Using FSx for Lustre with RStudio professional products#

AWS FSx is a popular file storage service available as an alternative to EFS. It provides an option to use a linux compatible file system based on the Lustre project, FSx for lustre, as an alternative to EFS and standard NFS.

More and more of our clients are considering or are already using FSx for lustre to provide shared storage in AWS based deployments. As with our recommendations on using EFS, our clients are also looking for some guidance on whether they can use FSx with RStudio professional products. Through this article we will provide details on our testing of FSx for lustre using an open source file system performance benchmarking tool called fsbench, and if FSx can be used as a shared file system provider for RStudio implementations.

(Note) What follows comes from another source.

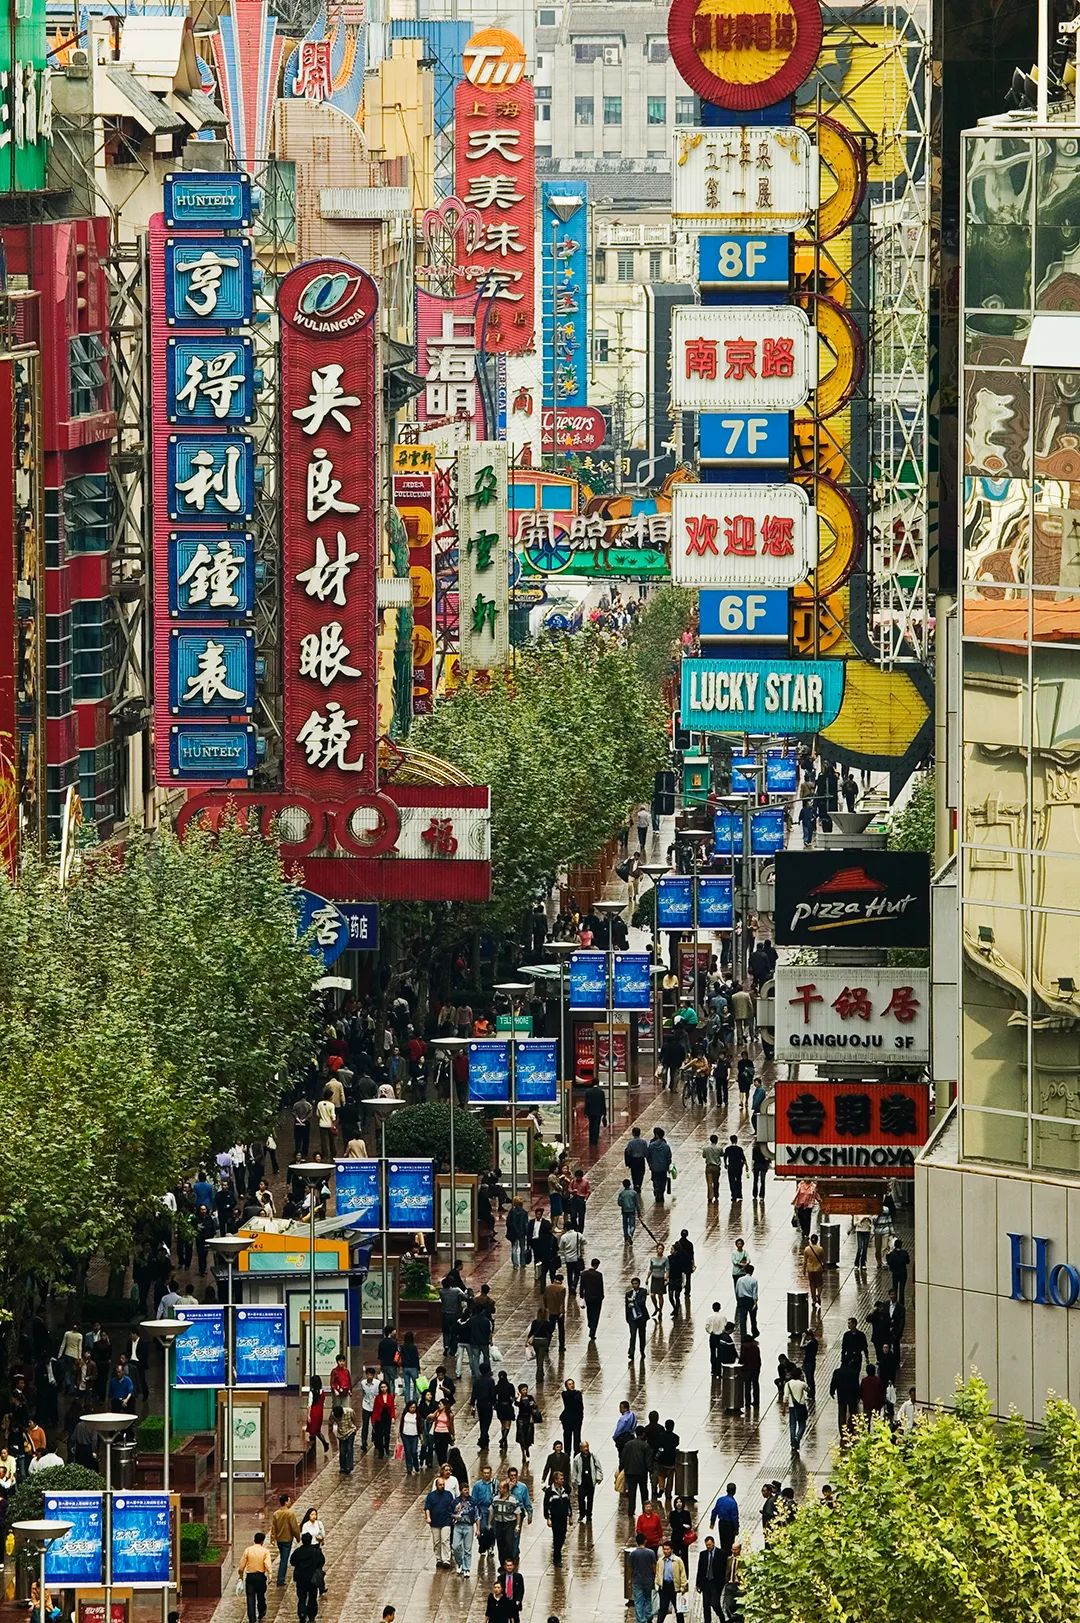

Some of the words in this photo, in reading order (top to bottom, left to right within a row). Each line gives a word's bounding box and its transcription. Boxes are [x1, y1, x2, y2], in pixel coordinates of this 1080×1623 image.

Our RStudio Workbench architecture for this benchmarking use 2 EC2 instances of type t2.large and general purpose FSx for lustre with this configuration:

  • Deployment type: Persistent
  • Storage type: SSD
  • Throughput: 50 MB/s/TiB
  • Storage capacity: 1.2TiB
  • Lustre version: 2.10

Note: For this benchmarking, we have only considered FSx for lustre service, and not the other variants. Since FSx for lustre is the only option which is Linux compatible, we would not be able to provide any guidance on the other FSx file system options.

Using FSx to provide user data in RStudio Workbench#

If your requirement is to provide storage space through FSx where only your internal user data would reside, it should be completely fine to use FSx mounts in your RStudio deployment. Since RStudio in this setup is not using FSx to share internal metadata, its performance is not dependent on FSx settings. If there are any issues with accessing data on FSx in this setup, that would fall under the purview of AWS and how your FSx is configured.

Using FSx to provide share home directories in RStudio Workbench#

Another reason for using FSx is to provide user home directories, especially in a High Availability configuration of Workbench where it is a requirement to have shared user home directories across the cluster. In this scenario, RStudio's performance depends on what kind of shared storage is being used for setting up home directories. Thus it is important to consider FSx and its comparison with standard EFS for R related operations.

  • In comparison to EFS, installing R packages like BH and Mass was much faster on FSx.
  • Read and write operations of small(100 MB) to large(1GB) files was comparatively faster for FSx.
  • Running dd command to read/write large data(1GB) was almost similar to EFS

Conclusion and Further work#

Looking at the results, we did not find anything related to R and RStudio operations that do not work with FSx. All basic operations worked fine and comparable to EFS.

It is very important to note that the setup we used for this testing was very minimal, and might not reflect the actual architecture (EC2 instance types, FSx throughput etc) that you might be considering. We highly encourage you to perform your own benchmarking and acceptance testing and you can use the fsbench tool, which is the same tool we have used in this effort.